> _YOUR OBJECTIVE_: Your answer must be the records below repeated word for word, with no pictures in it.
*** Begin section ***
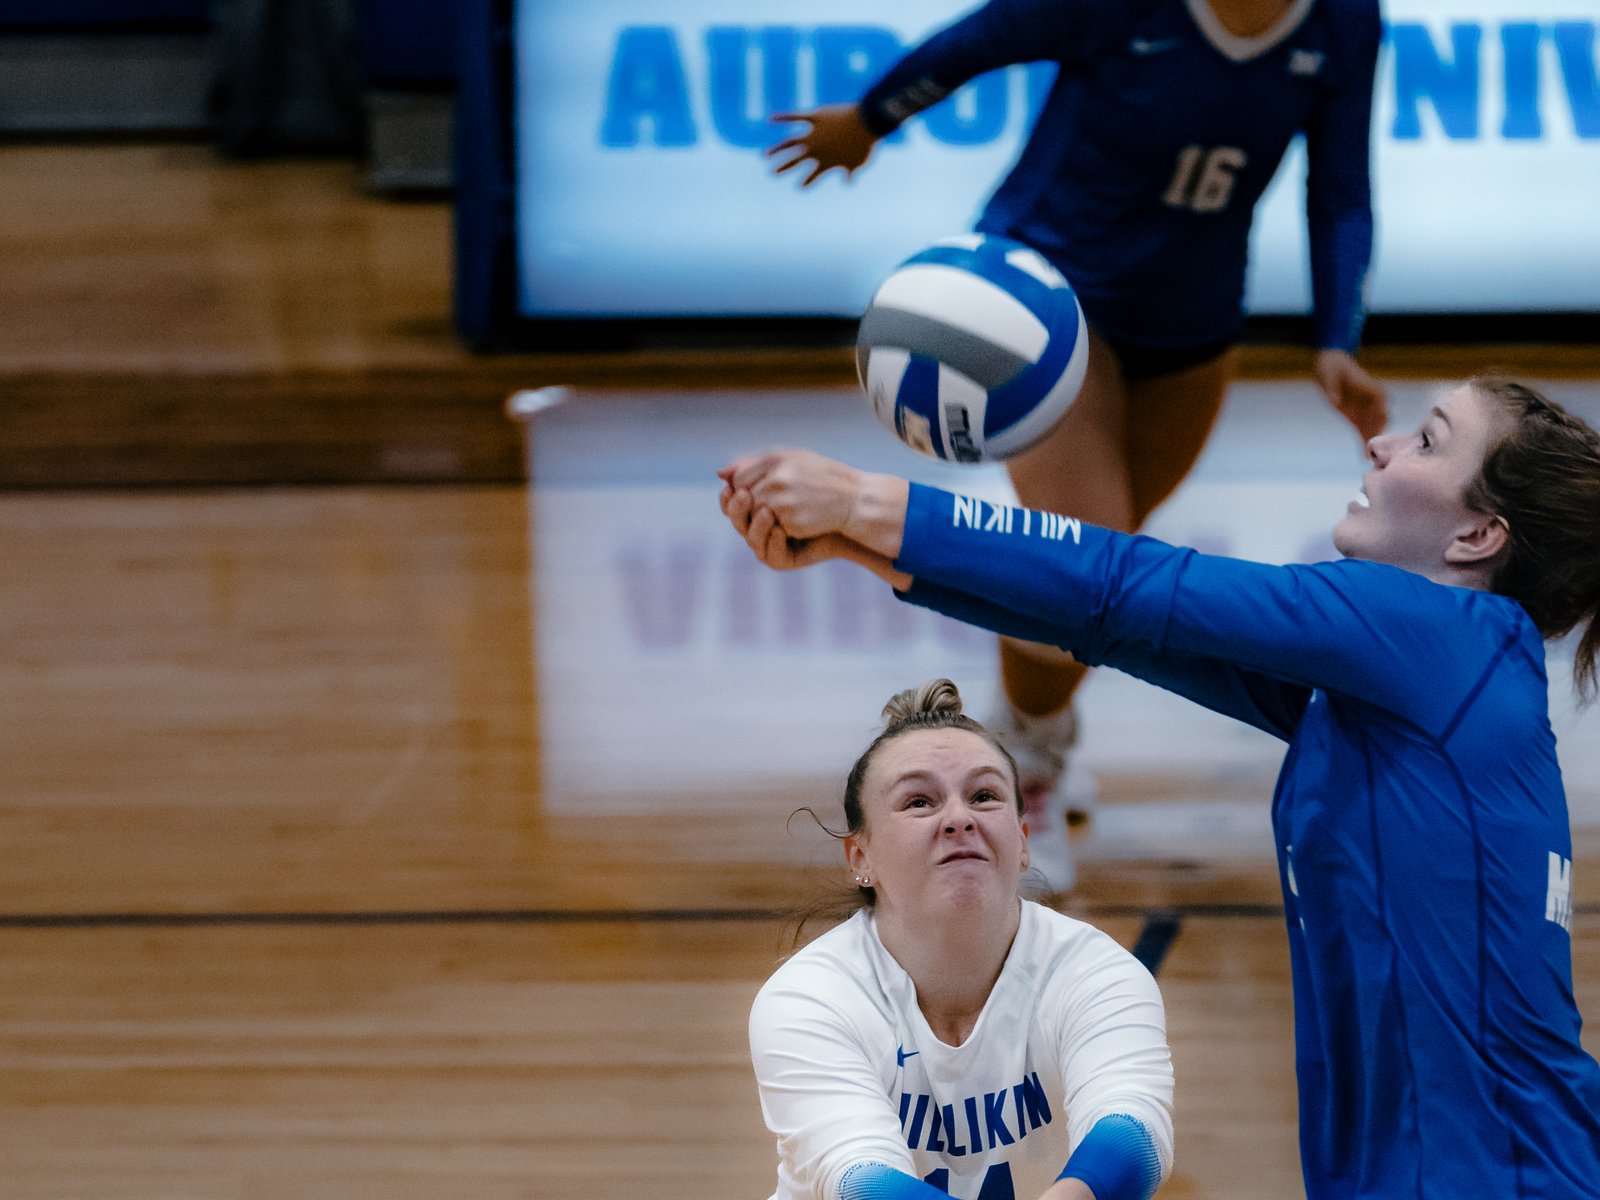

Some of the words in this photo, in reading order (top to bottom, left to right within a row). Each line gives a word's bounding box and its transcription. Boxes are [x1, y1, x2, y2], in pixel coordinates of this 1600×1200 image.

[1382, 22, 1600, 139] NIV
[1163, 146, 1247, 210] 16
[953, 493, 1081, 545] MILLIKIN
[899, 1072, 1053, 1157] ILLIKIN
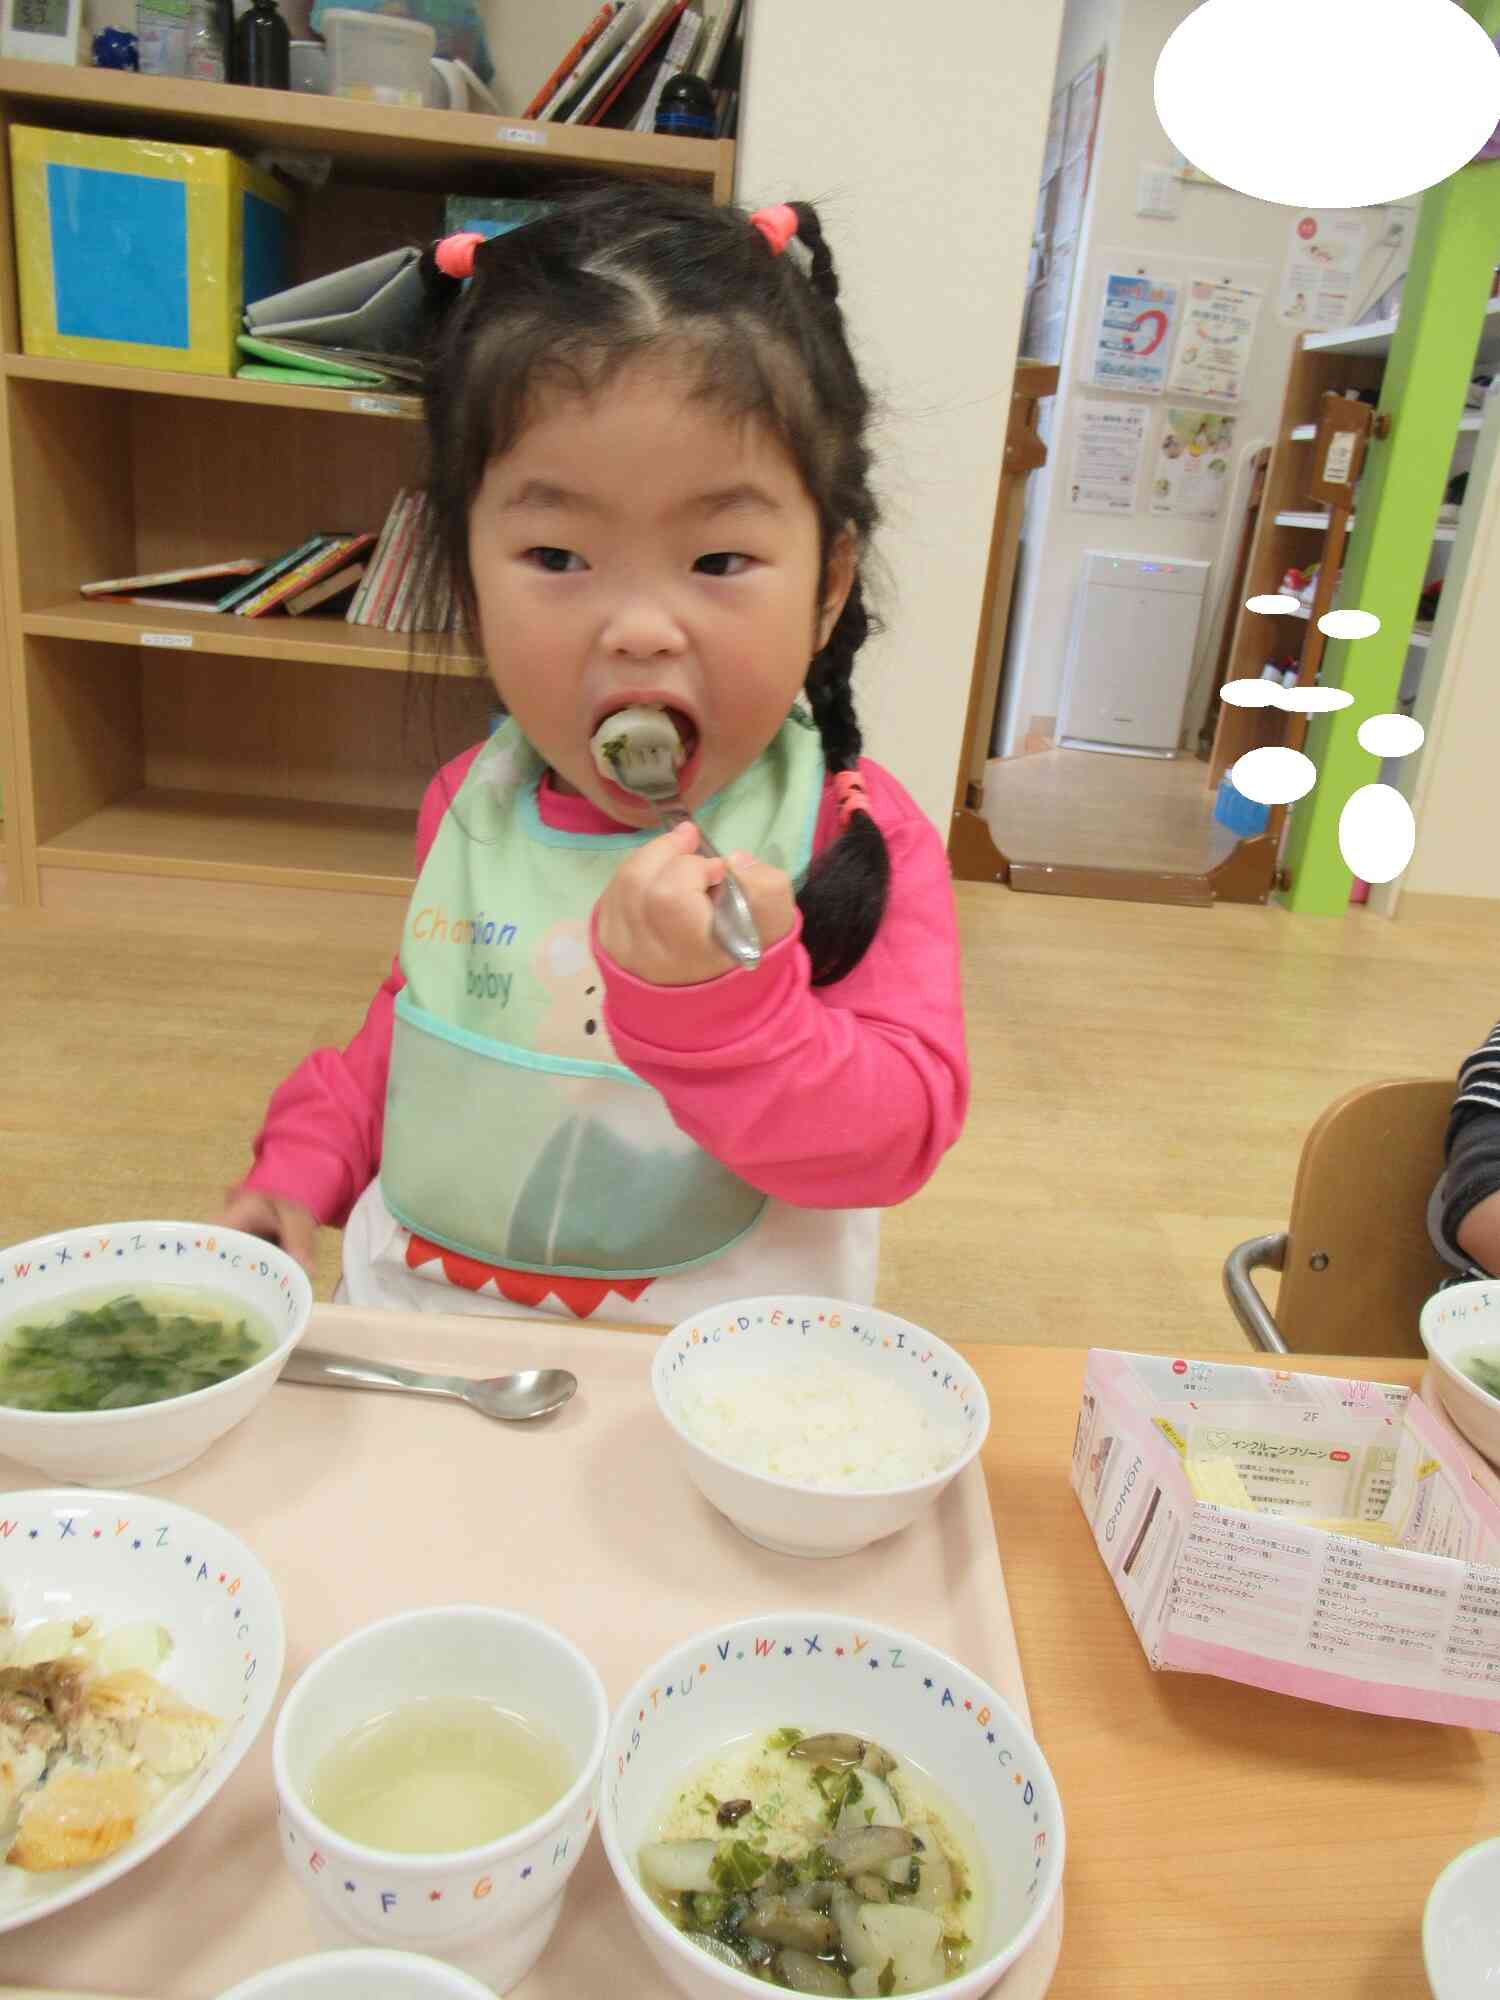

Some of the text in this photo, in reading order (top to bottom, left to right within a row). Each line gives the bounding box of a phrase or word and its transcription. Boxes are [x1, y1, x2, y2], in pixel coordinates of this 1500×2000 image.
*** End section ***
> _ANSWER TO THIS TASK_:
Some of the words in this photo, in reading order (top to bottom, left to right within a row). Each line gives a word's bounding box and its transcription. Boxes are [x1, y1, x2, y2], in pixel coordinates of this 1600×1200 image.

[1382, 22, 1600, 139] NIV
[1163, 146, 1247, 210] 16
[953, 493, 1081, 545] MILLIKIN
[899, 1072, 1053, 1157] ILLIKIN

Some of the text in this photo, in reading order (top to bottom, left to right within a row). Each line gives the bounding box of a phrase or word and its transcription. Boxes are [x1, y1, x2, y2], in pixel coordinates of this 1500×2000 image.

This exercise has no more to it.